▶ **Stored entries**
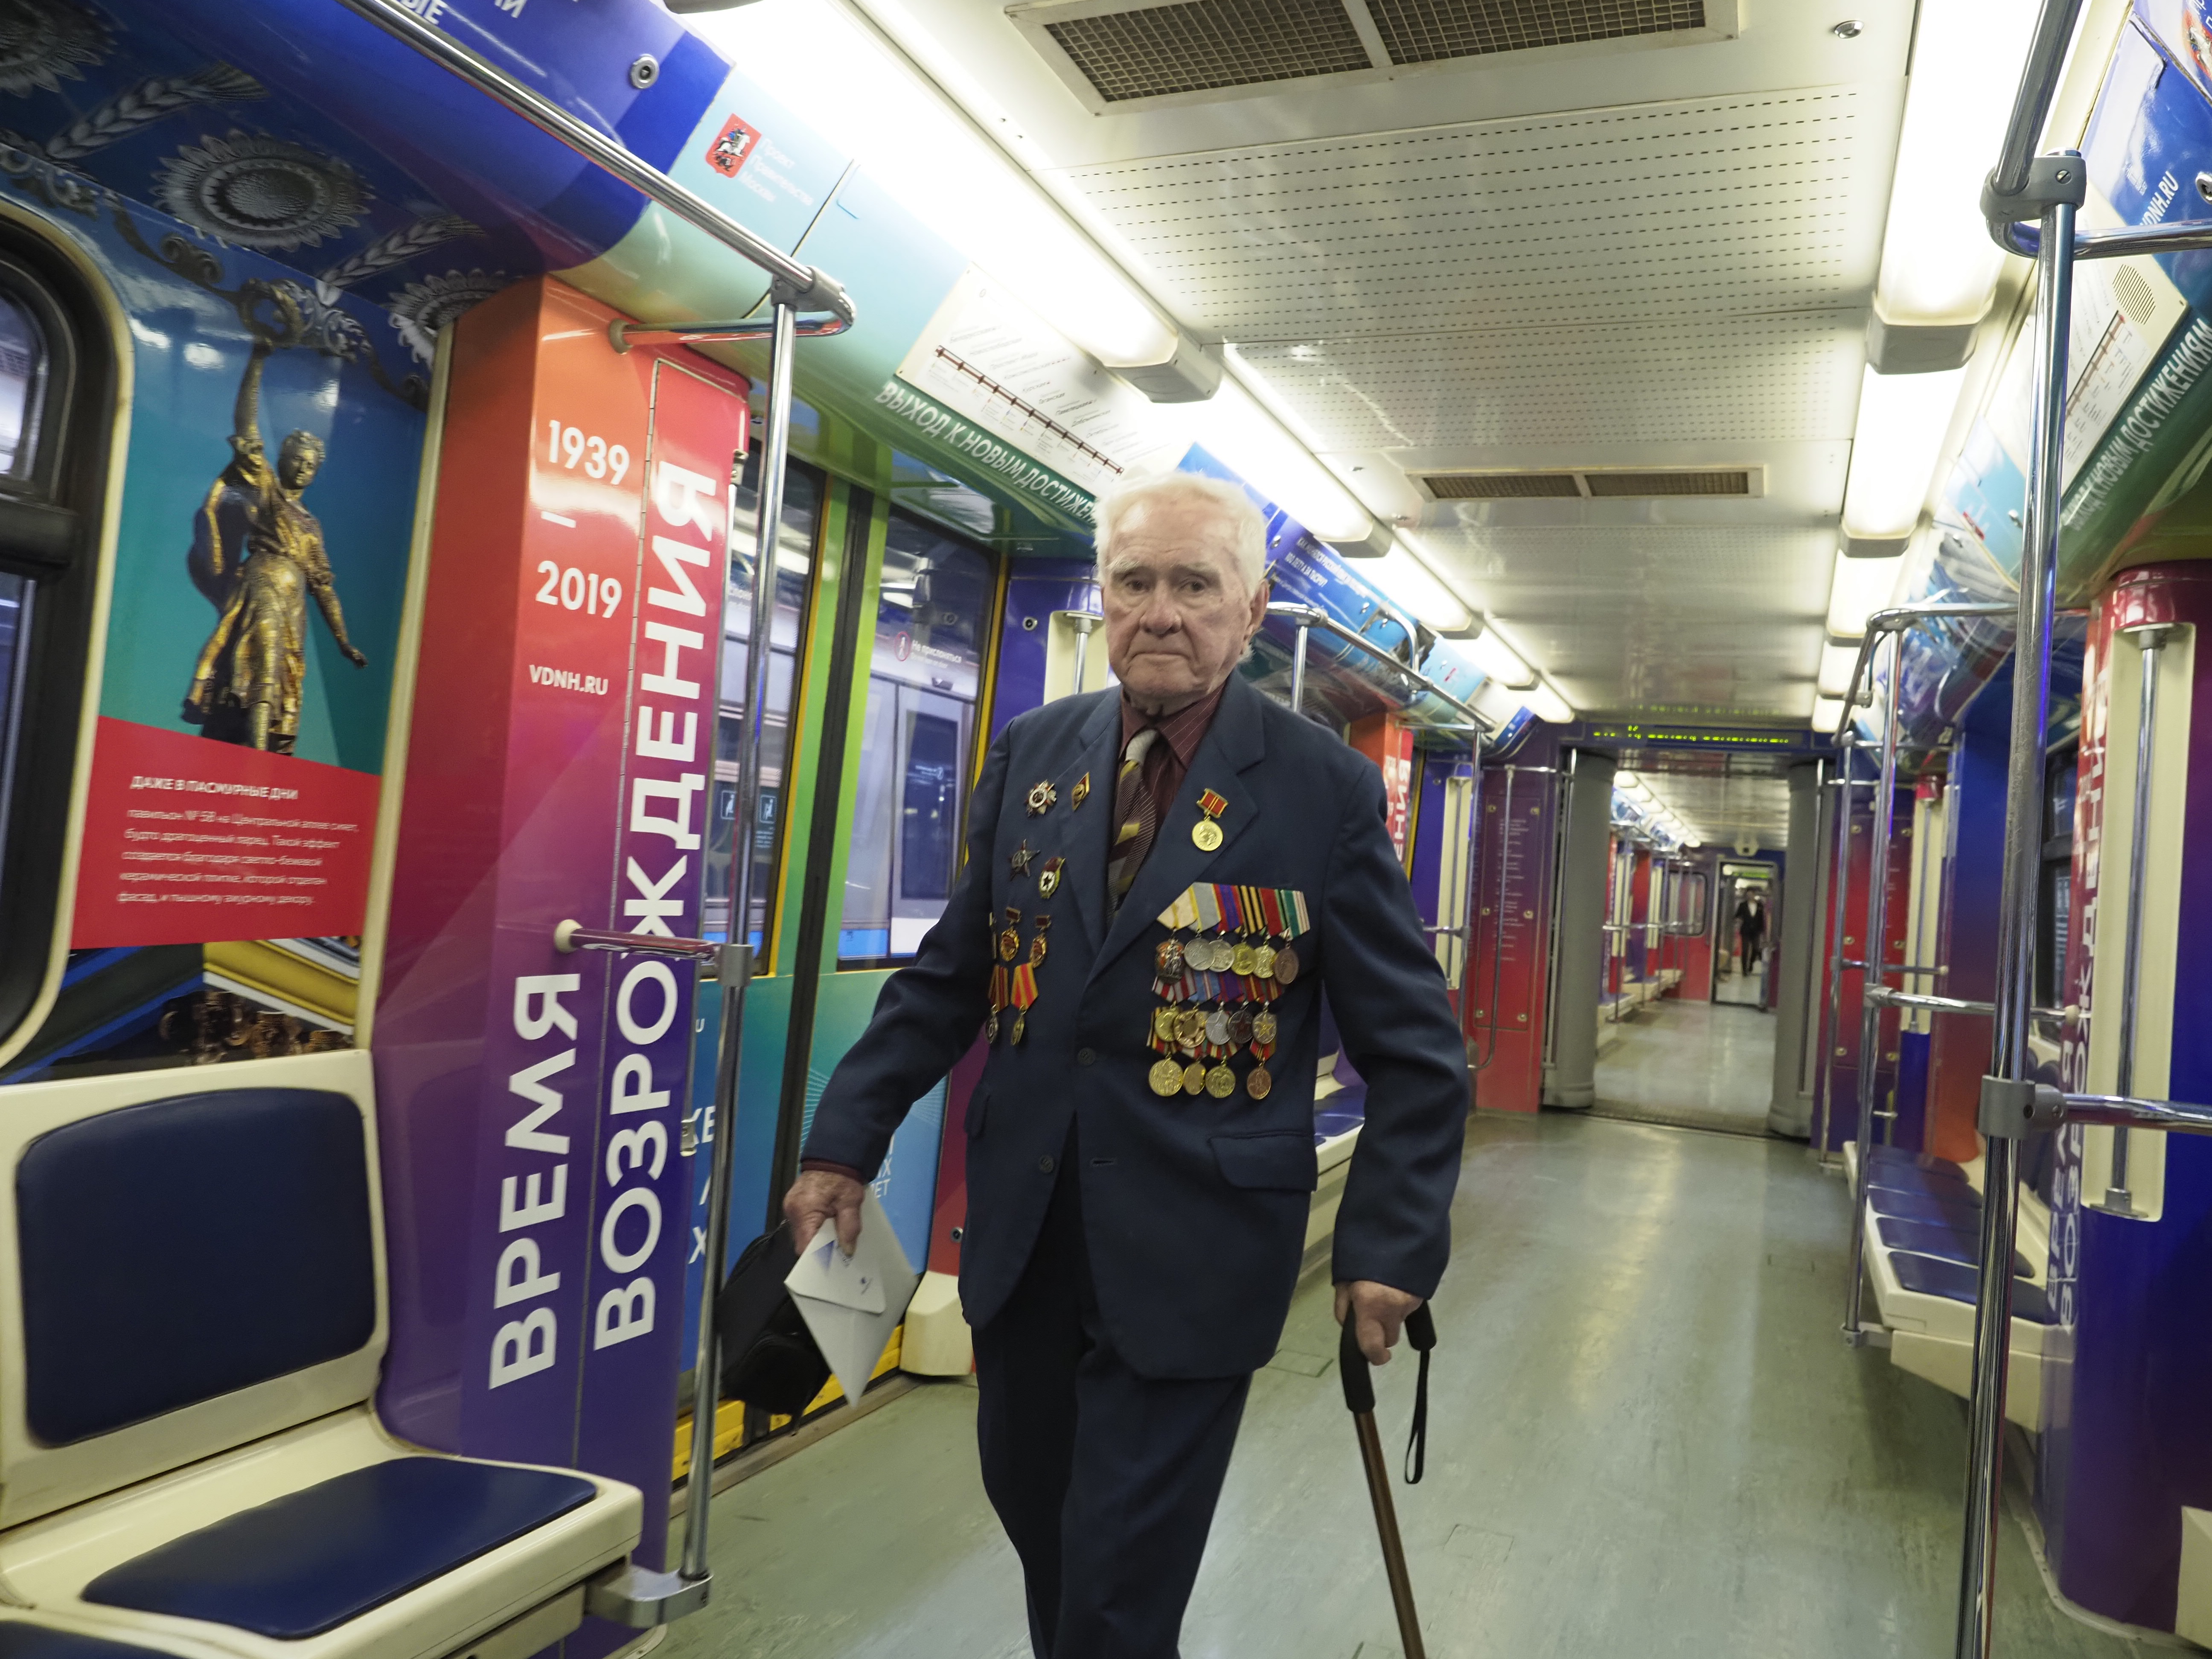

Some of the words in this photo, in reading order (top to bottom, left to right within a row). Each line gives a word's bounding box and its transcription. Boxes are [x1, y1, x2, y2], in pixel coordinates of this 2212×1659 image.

[2140, 171, 2178, 225] DNH.RU
[2120, 318, 2212, 452] ДОСТИЖЕНИЯМ
[549, 419, 630, 485] 1939
[875, 382, 951, 438] ВЫХОД
[944, 422, 967, 444] К
[958, 431, 1027, 479] НОВЫМ
[536, 560, 622, 618] 2019
[529, 664, 609, 695] VDNH.RU
[130, 776, 175, 789] ДАЖЕ
[174, 780, 186, 790] В
[186, 780, 270, 798] ПАСМУРНЫЕ
[268, 788, 298, 800] ДНИ
[489, 973, 580, 1390] ВРЕМЯ
[594, 460, 717, 1350] ВОЗРОЖДЕНИЯ
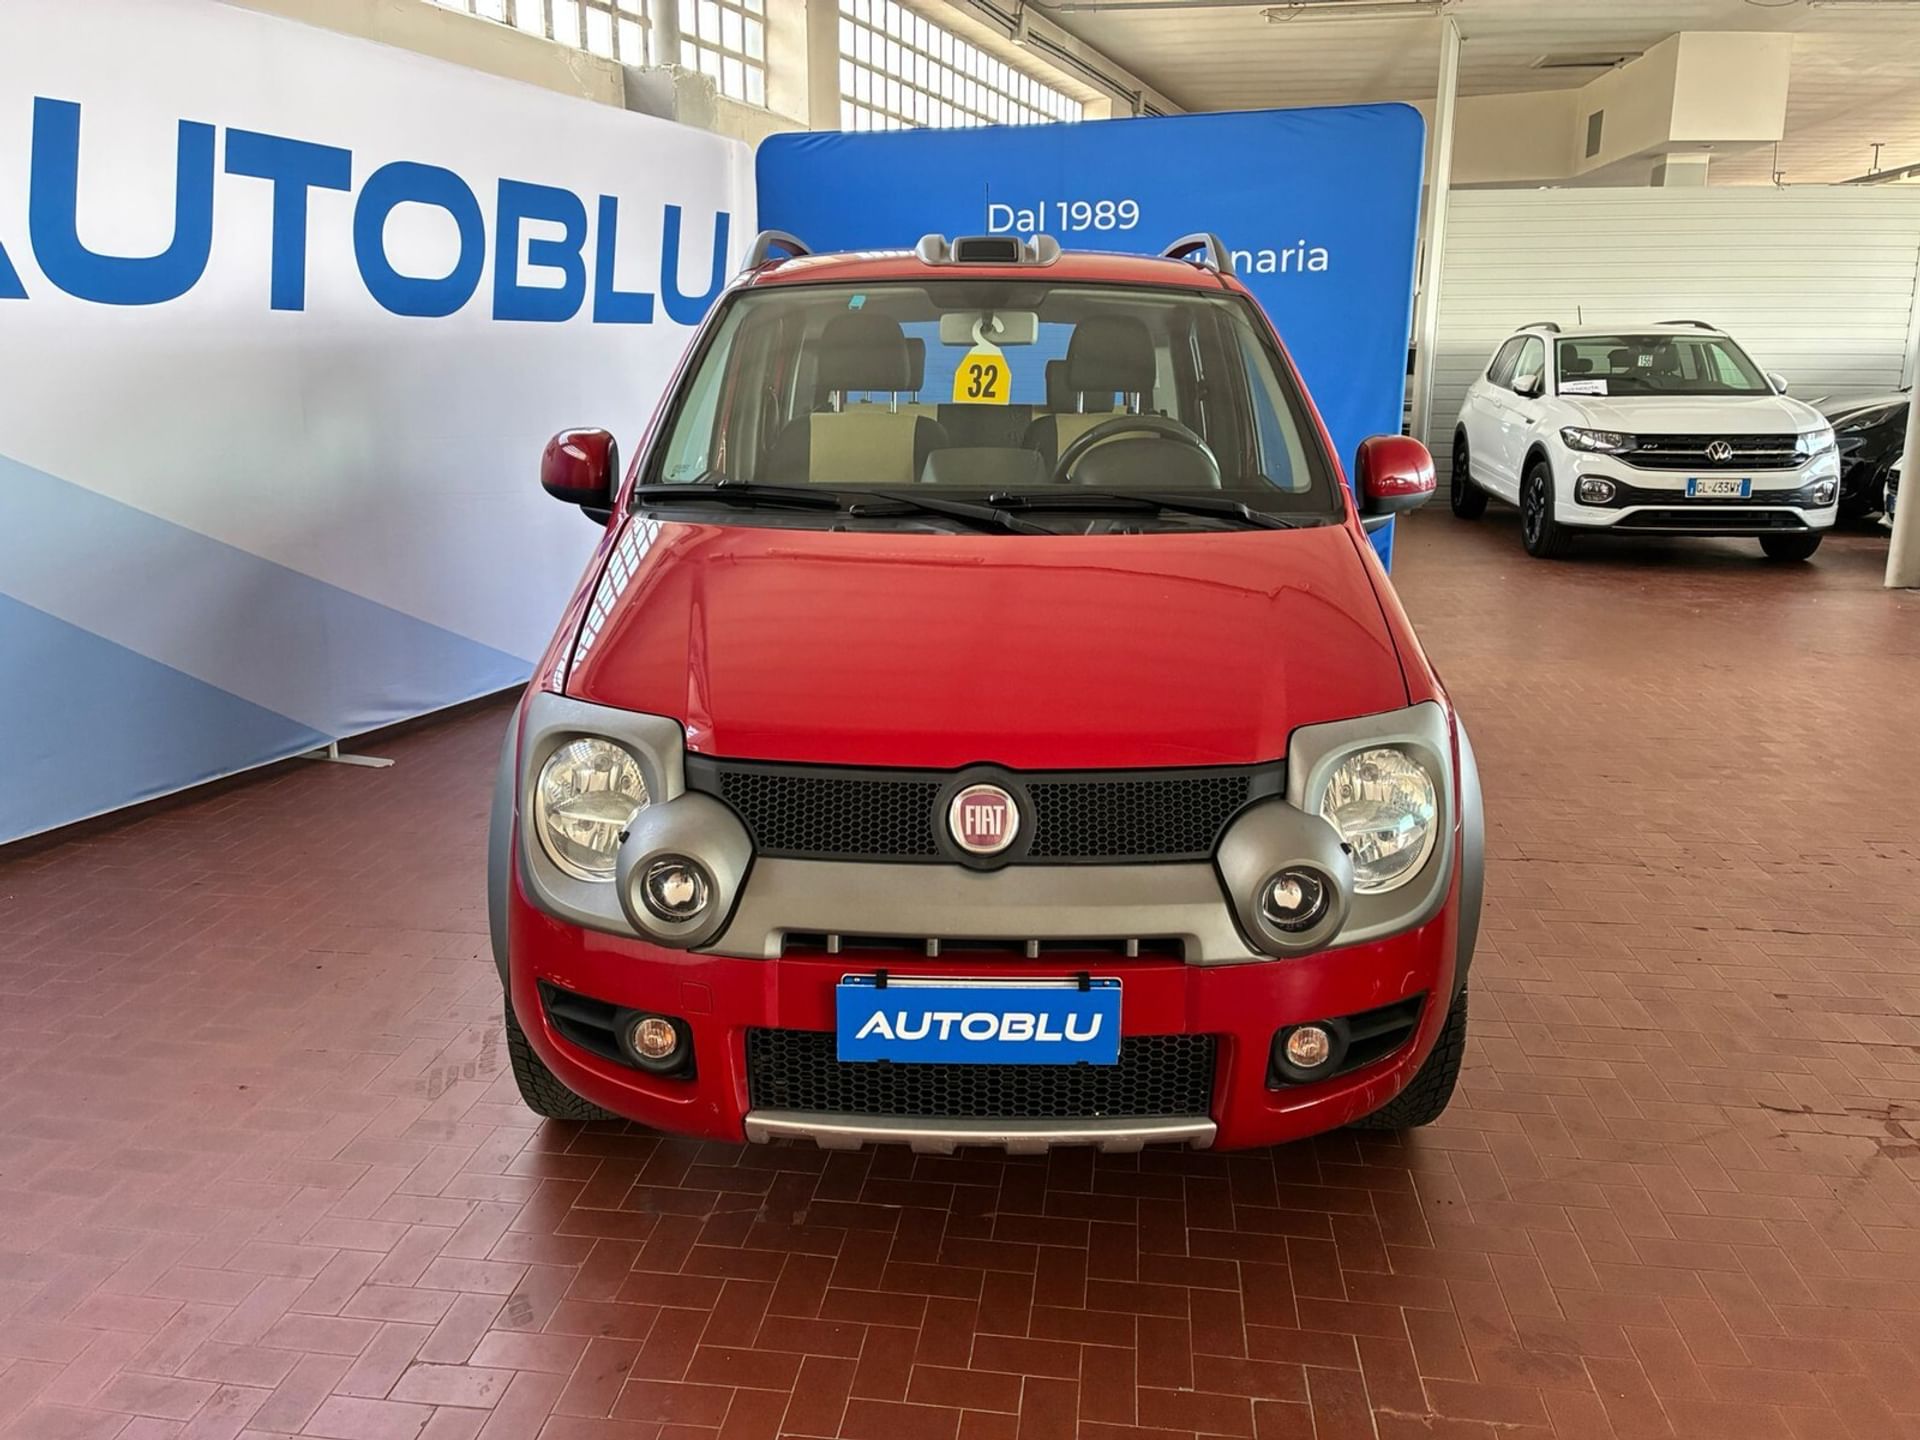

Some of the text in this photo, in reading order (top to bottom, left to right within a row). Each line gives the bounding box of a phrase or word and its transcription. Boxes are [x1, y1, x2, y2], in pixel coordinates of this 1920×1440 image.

[0, 96, 730, 326] UTOBLU
[988, 199, 1140, 233] Dal 1989
[967, 363, 998, 398] 32
[965, 804, 1005, 836] FIAT
[855, 1010, 1103, 1043] AUTOBLU

▶ **What is being asked**
Beginning at the line containing "Some of the text", repeat each line exactly through the last line of the entries, and include no other lines.

▶ **Response below**
Some of the text in this photo, in reading order (top to bottom, left to right within a row). Each line gives the bounding box of a phrase or word and its transcription. Boxes are [x1, y1, x2, y2], in pixel coordinates of this 1920×1440 image.

[0, 96, 730, 326] UTOBLU
[988, 199, 1140, 233] Dal 1989
[967, 363, 998, 398] 32
[965, 804, 1005, 836] FIAT
[855, 1010, 1103, 1043] AUTOBLU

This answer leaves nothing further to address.